Ao encerrar o discurso, em mais uma referência às obras de arte que integram a arquitetura do tribunal, Salomão mencionou o mural “O Homem é a Medida de Todas as Coisas”, de Vallandro Keating, instalado no Salão de Recepções. De acordo com o ministro, a frase que dá nome à obra “nos lembra sempre que a razão para a existência da Justiça é o ser humano, suas dores e seus conflitos, o respeito a seus direitos fundamentais”.

Com mais de 30 anos de atuação na magistratura, sendo 17 deles como ministro do STJ, Luis Felipe Salomão foi juiz e desembargador do Tribunal de Justiça do Rio de Janeiro (TJRJ), além de exercer o cargo de promotor de justiça em São Paulo.

No STJ, integrou a Quarta Turma e a Segunda Seção, especializadas em direito privado, desde sua posse até 2022, quando assumiu o cargo de corregedor nacional de Justiça. Permaneceu na função até 2024, ano em que se tornou vice-presidente do tribunal. Ele também compõe a Corte Especial.

No Tribunal Superior Eleitoral (TSE), foi o encarregado da propaganda eleitoral nas eleições presidenciais de 2018 e corregedor-geral nas eleições municipais de 2020.

Ele presidiu, no Senado Federal, a comissão de juristas responsável por propor a legislação que ampliou a arbitragem e criou a mediação no Brasil (Leis 13.129/2015 e 13.140/2015). Também presidiu a comissão de juristas que elaborou o anteprojeto de reforma do Código Civil.

Salomão é formado em direito pela Universidade Federal do Rio de Janeiro e pós-graduado em direito comercial. É professor emérito da Escola da Magistratura do Rio de Janeiro e da Escola Paulista da Magistratura; professor honoris causa da Escola Superior de Advocacia, no Rio; e doutor honoris causa em ciências sociais e humanas pela Universidade Candido Mendes. É autor de diversos livros e artigos jurídicos sobre temas como acesso à Justiça, juizados especiais, arbitragem e direito civil em geral.

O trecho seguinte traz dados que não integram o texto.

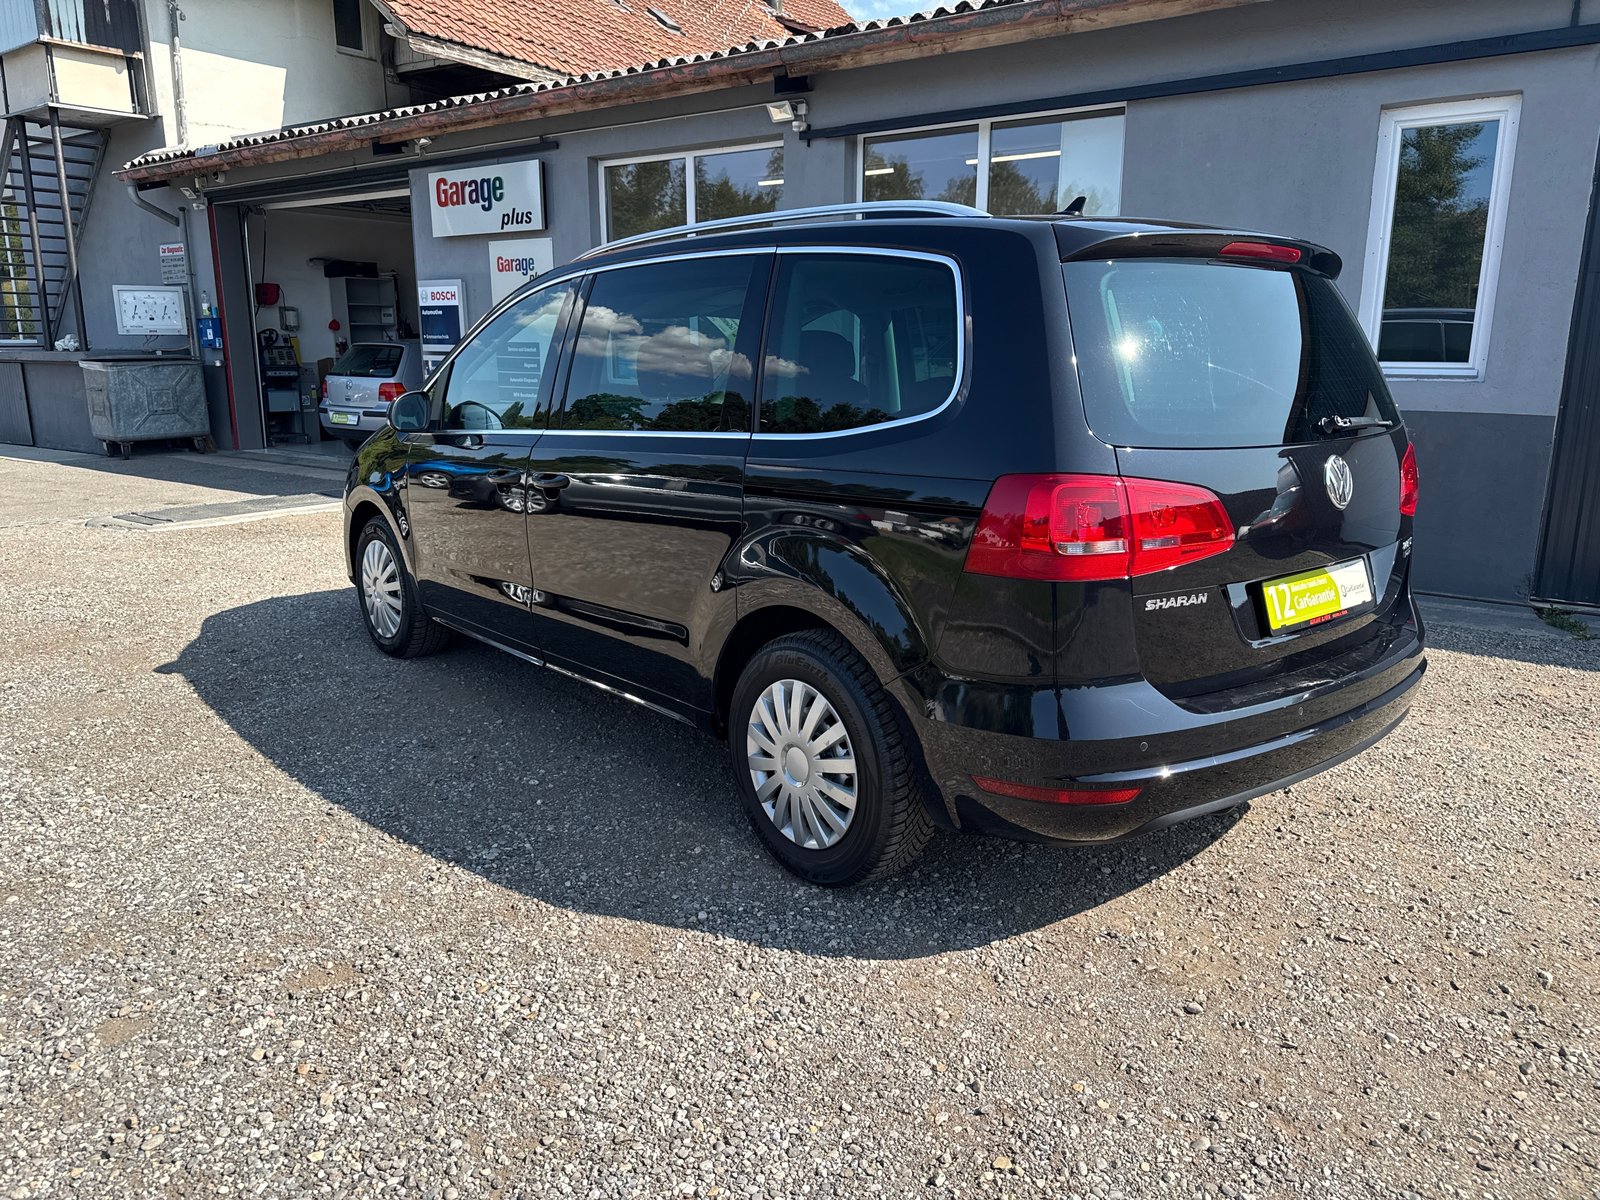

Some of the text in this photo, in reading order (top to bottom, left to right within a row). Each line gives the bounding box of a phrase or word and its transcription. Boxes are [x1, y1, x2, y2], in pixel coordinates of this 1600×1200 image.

[436, 176, 504, 212] Garage
[501, 208, 532, 230] plus
[497, 256, 534, 276] Garage
[430, 291, 456, 301] BOSCH
[1145, 592, 1208, 611] SHARAN
[1267, 583, 1296, 621] 12
[1294, 586, 1337, 611] CarGarantie

Natural da cidade de Manaus, o ministro Mauro Campbell Marques chegou ao STJ após uma carreira de mais de duas décadas no Ministério Público do Amazonas (MPAM), instituição que chefiou durante três mandatos. Além da atuação como promotor e procurador de justiça, Campbell foi secretário de Justiça e de Segurança Pública de seu estado natal.

No STJ, o ministro foi integrante da Segunda Turma e da Primeira Seção, especializadas em direito público, além de exercer os cargos de membro titular do TSE, corregedor-geral da Justiça Federal e diretor da Escola Nacional de Formação e Aperfeiçoamento de Magistrados (Enfam). 

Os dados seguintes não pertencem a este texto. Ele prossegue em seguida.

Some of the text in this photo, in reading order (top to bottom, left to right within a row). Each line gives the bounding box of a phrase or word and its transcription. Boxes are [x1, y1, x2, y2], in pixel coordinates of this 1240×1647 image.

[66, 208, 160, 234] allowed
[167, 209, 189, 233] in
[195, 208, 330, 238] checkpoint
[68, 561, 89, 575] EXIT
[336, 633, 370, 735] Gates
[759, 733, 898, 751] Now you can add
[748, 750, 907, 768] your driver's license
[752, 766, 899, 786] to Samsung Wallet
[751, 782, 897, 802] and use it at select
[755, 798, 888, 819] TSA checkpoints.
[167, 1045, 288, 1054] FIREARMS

Mauro Campbell também presidiu a comissão do Senado responsável por propor normas para a desburocratização da administração pública brasileira, além de comandar a comissão que elaborou o anteprojeto de reforma da Lei de Improbidade Administrativa.

Além de integrar a Corte Especial do STJ, Campbell é o corregedor nacional de Justiça desde 2024. Formado em ciências jurídicas pelo Centro Universitário Metodista Bennett, no Rio de Janeiro, é autor de diversas obras e artigos em temas como direito administrativo sancionador, processo civil e direito tributário.